* _Goal of the exercise_: When you transcribe the entries below, keep the wording exact and omit the pictures.

Data to examine Start Marker

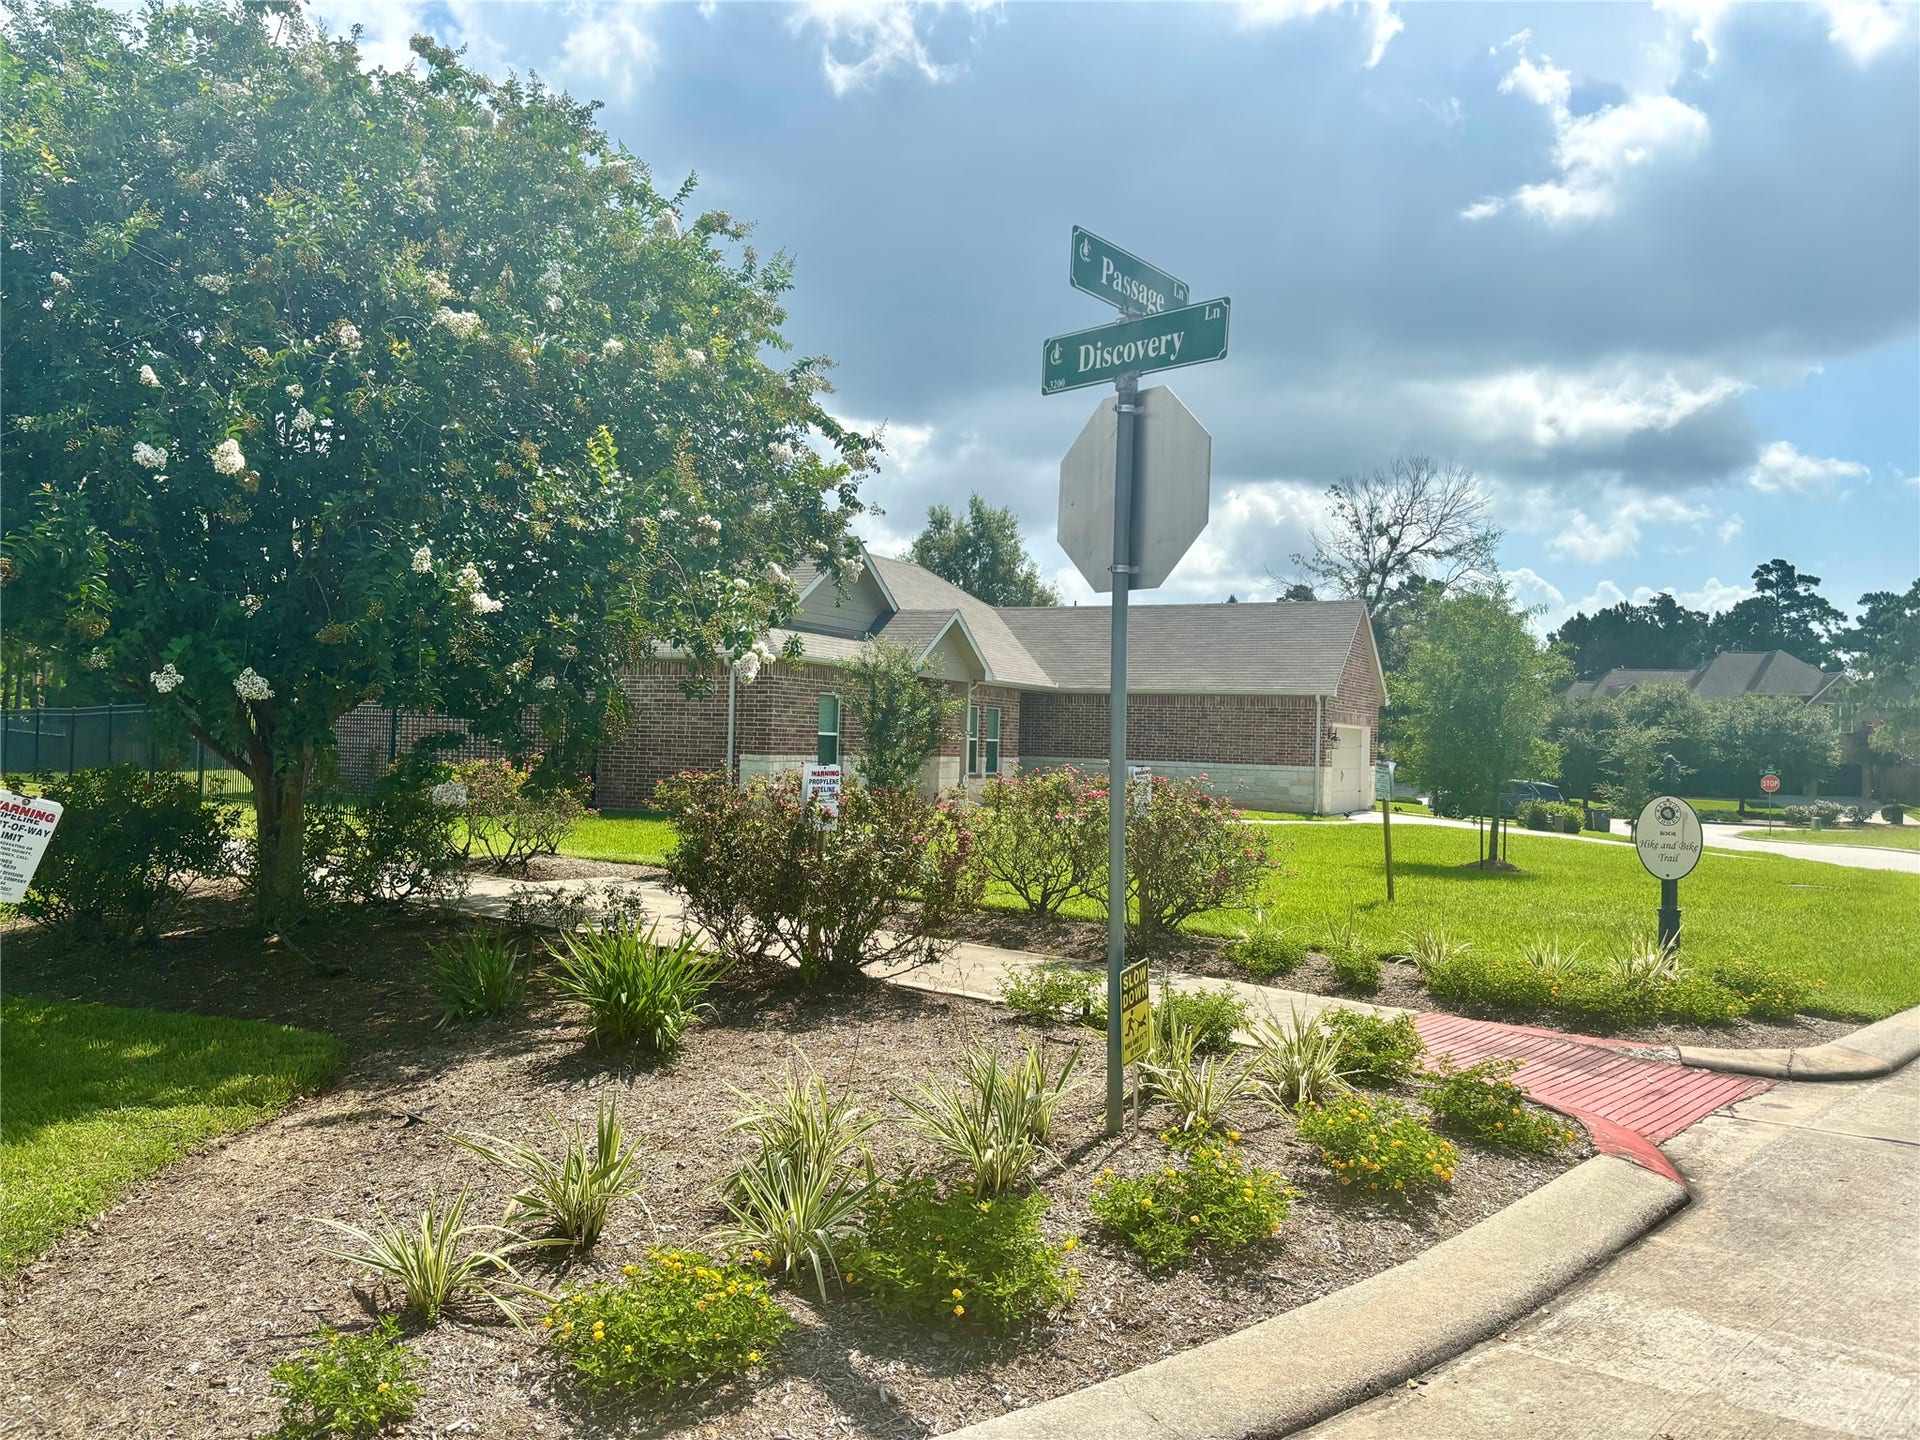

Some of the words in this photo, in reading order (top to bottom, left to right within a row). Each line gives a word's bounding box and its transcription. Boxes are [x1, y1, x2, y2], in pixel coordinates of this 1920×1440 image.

[1101, 256, 1164, 315] Passage
[1173, 282, 1184, 301] Ln
[1078, 331, 1185, 373] Discovery
[1205, 306, 1220, 321] Ln
[0, 800, 56, 823] ARNING
[0, 811, 40, 826] IPELINE
[0, 820, 51, 838] T-OF-WAY
[1, 831, 24, 842] IMIT
[1639, 840, 1659, 851] Hike
[1661, 840, 1678, 850] and
[1679, 841, 1699, 853] Bike
[1658, 853, 1680, 862] Trail
[1123, 965, 1147, 991] SLOW
[1123, 982, 1147, 1009] DOWN
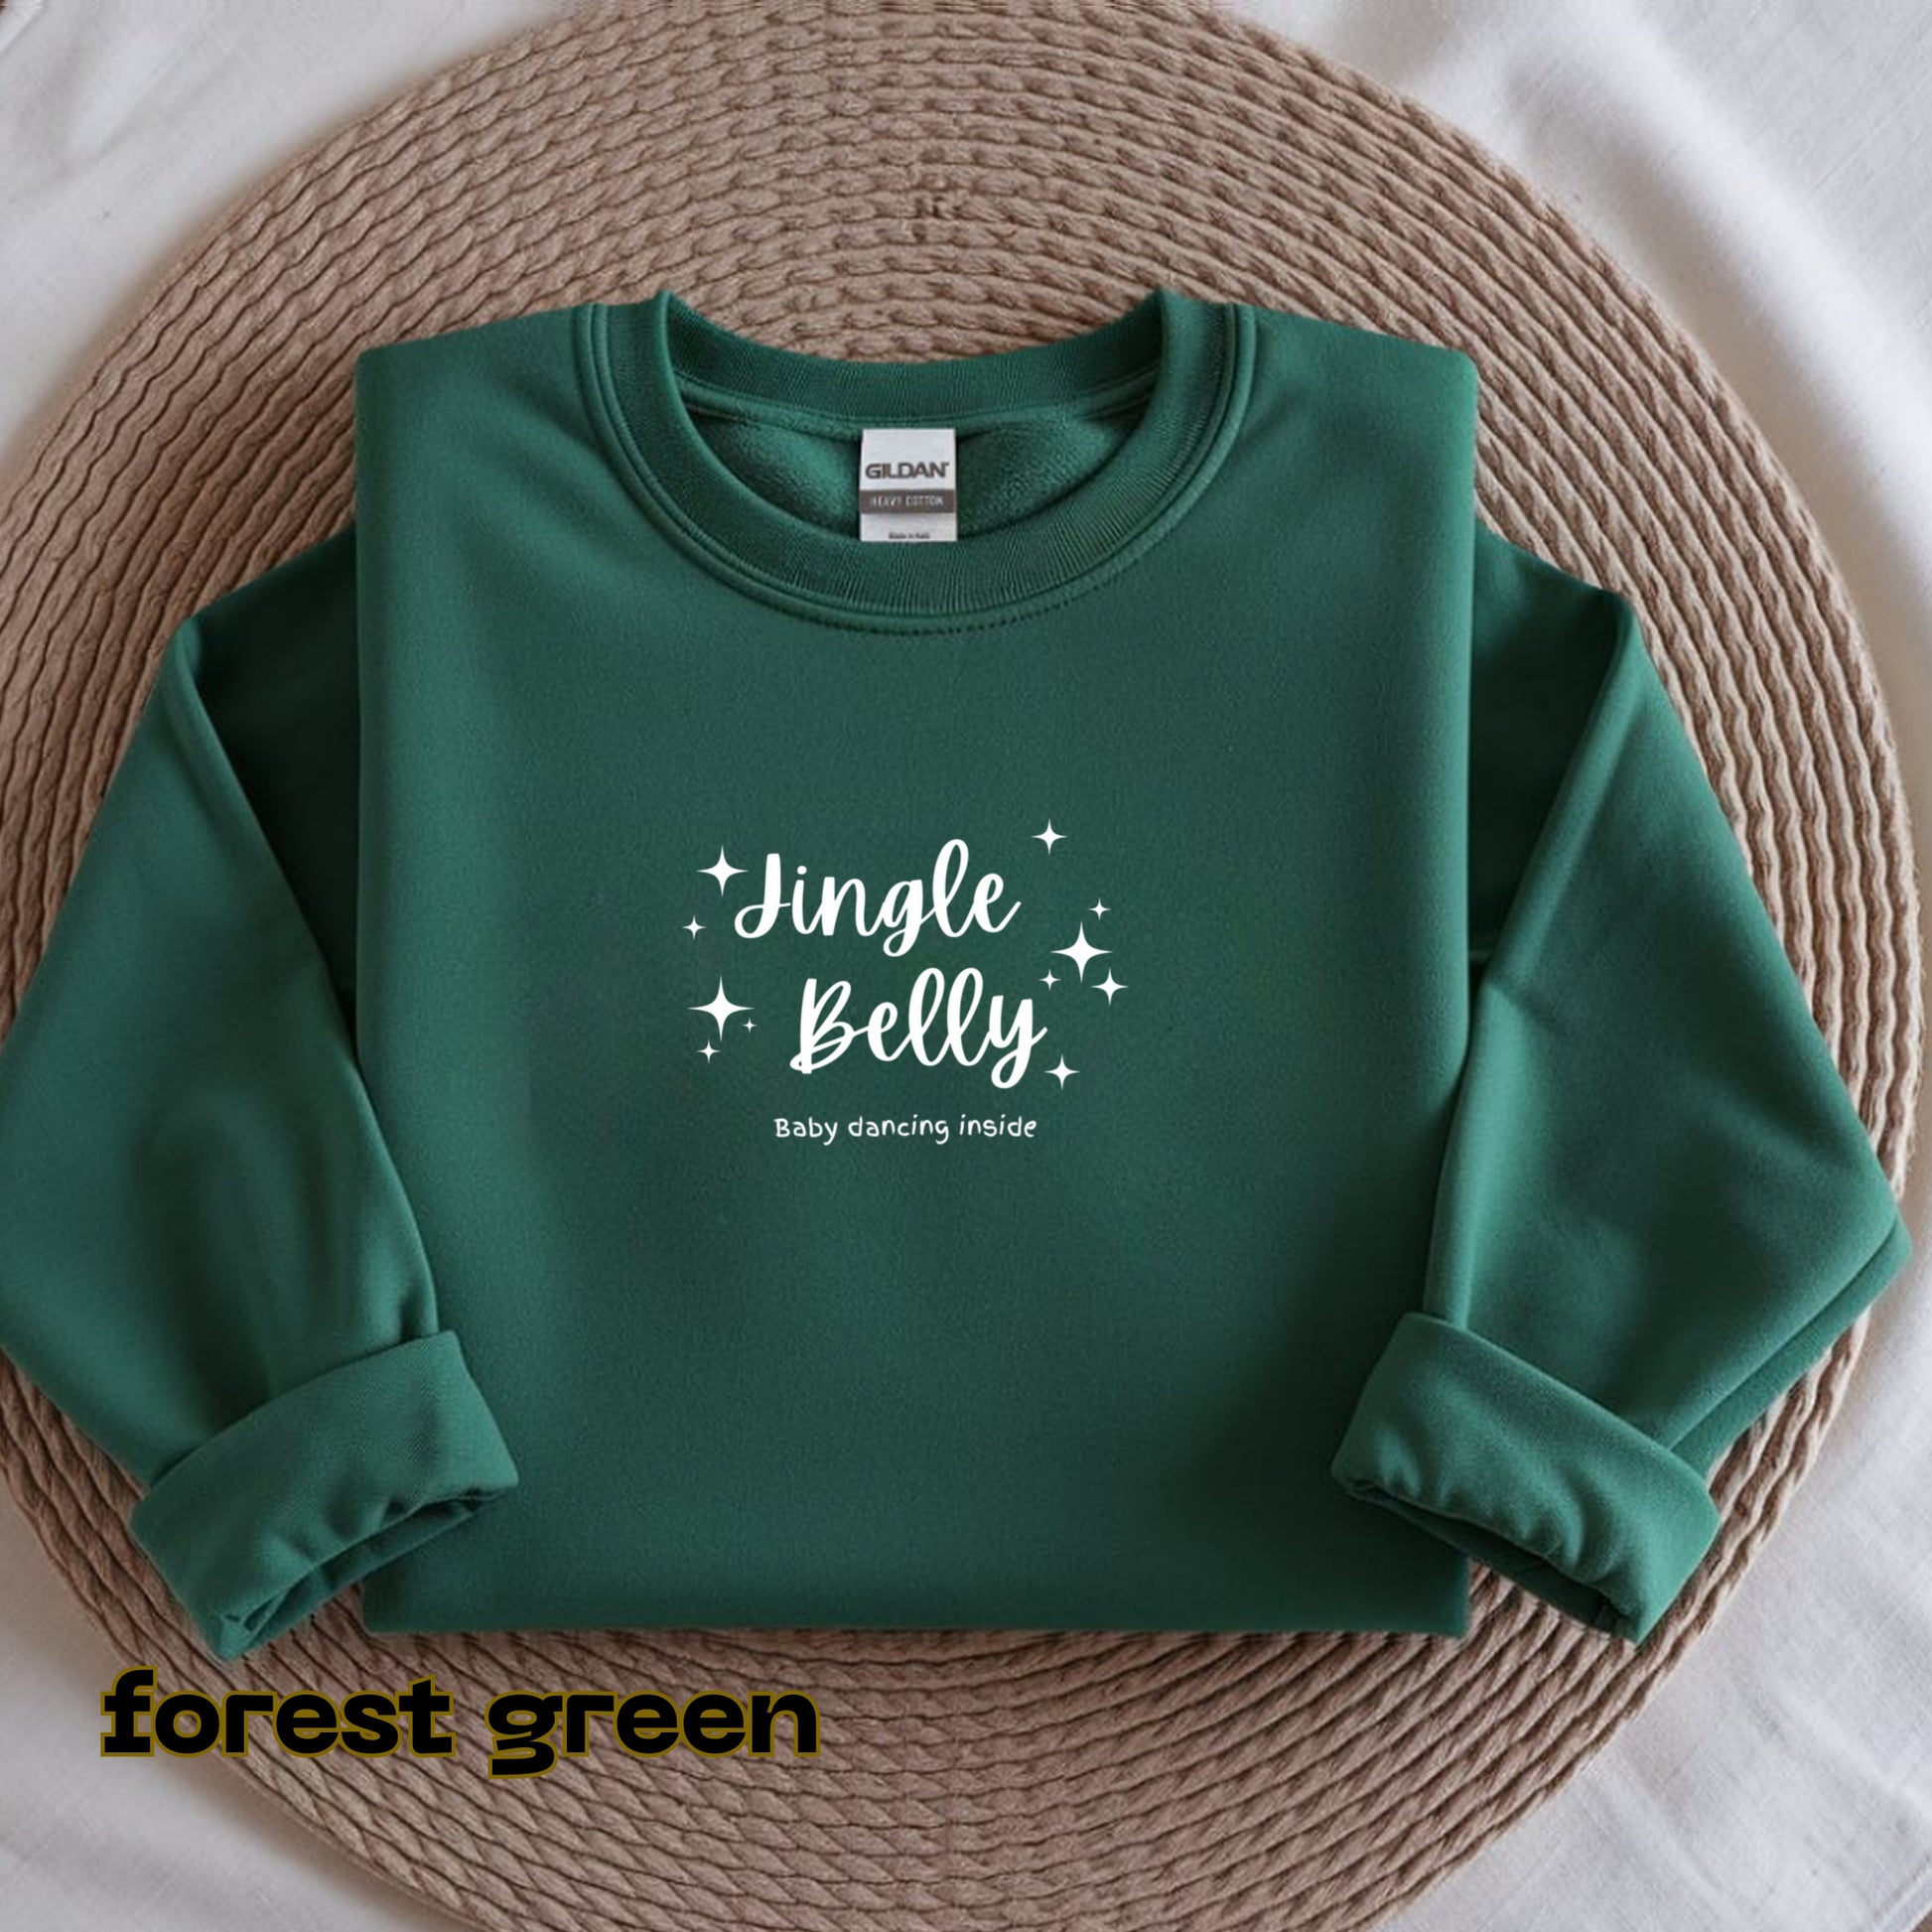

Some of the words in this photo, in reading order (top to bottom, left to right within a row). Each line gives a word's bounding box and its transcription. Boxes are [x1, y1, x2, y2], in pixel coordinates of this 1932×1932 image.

[865, 461, 950, 479] GILDAN
[734, 839, 1022, 957] Jingle
[789, 967, 1047, 1089] Belly
[773, 1116, 838, 1146] Baby
[848, 1114, 949, 1145] dancing
[959, 1114, 1037, 1138] inside

Data to examine End Marker

* _Your solution_:
Some of the words in this photo, in reading order (top to bottom, left to right within a row). Each line gives a word's bounding box and its transcription. Boxes are [x1, y1, x2, y2], in pixel coordinates of this 1920×1440 image.

[1101, 256, 1164, 315] Passage
[1173, 282, 1184, 301] Ln
[1078, 331, 1185, 373] Discovery
[1205, 306, 1220, 321] Ln
[0, 800, 56, 823] ARNING
[0, 811, 40, 826] IPELINE
[0, 820, 51, 838] T-OF-WAY
[1, 831, 24, 842] IMIT
[1639, 840, 1659, 851] Hike
[1661, 840, 1678, 850] and
[1679, 841, 1699, 853] Bike
[1658, 853, 1680, 862] Trail
[1123, 965, 1147, 991] SLOW
[1123, 982, 1147, 1009] DOWN

Some of the words in this photo, in reading order (top to bottom, left to right within a row). Each line gives a word's bounding box and its transcription. Boxes are [x1, y1, x2, y2], in pixel coordinates of this 1932×1932 image.

[865, 461, 950, 479] GILDAN
[734, 839, 1022, 957] Jingle
[789, 967, 1047, 1089] Belly
[773, 1116, 838, 1146] Baby
[848, 1114, 949, 1145] dancing
[959, 1114, 1037, 1138] inside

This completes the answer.